Problem to work on » A word-for-word copy of the whole listing is the required answer.
##########
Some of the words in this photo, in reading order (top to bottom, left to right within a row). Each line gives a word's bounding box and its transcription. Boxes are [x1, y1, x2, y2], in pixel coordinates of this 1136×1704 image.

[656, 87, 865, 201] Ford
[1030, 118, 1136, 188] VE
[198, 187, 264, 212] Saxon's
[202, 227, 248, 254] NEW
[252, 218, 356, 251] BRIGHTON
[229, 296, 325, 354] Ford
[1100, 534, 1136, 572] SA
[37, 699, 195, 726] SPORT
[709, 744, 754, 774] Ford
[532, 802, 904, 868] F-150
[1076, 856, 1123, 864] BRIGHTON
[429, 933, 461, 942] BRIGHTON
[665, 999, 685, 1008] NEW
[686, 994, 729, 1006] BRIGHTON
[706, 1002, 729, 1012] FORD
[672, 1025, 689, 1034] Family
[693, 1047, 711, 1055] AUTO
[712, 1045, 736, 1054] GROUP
##########
Result for this task »
Some of the words in this photo, in reading order (top to bottom, left to right within a row). Each line gives a word's bounding box and its transcription. Boxes are [x1, y1, x2, y2], in pixel coordinates of this 1136×1704 image.

[656, 87, 865, 201] Ford
[1030, 118, 1136, 188] VE
[198, 187, 264, 212] Saxon's
[202, 227, 248, 254] NEW
[252, 218, 356, 251] BRIGHTON
[229, 296, 325, 354] Ford
[1100, 534, 1136, 572] SA
[37, 699, 195, 726] SPORT
[709, 744, 754, 774] Ford
[532, 802, 904, 868] F-150
[1076, 856, 1123, 864] BRIGHTON
[429, 933, 461, 942] BRIGHTON
[665, 999, 685, 1008] NEW
[686, 994, 729, 1006] BRIGHTON
[706, 1002, 729, 1012] FORD
[672, 1025, 689, 1034] Family
[693, 1047, 711, 1055] AUTO
[712, 1045, 736, 1054] GROUP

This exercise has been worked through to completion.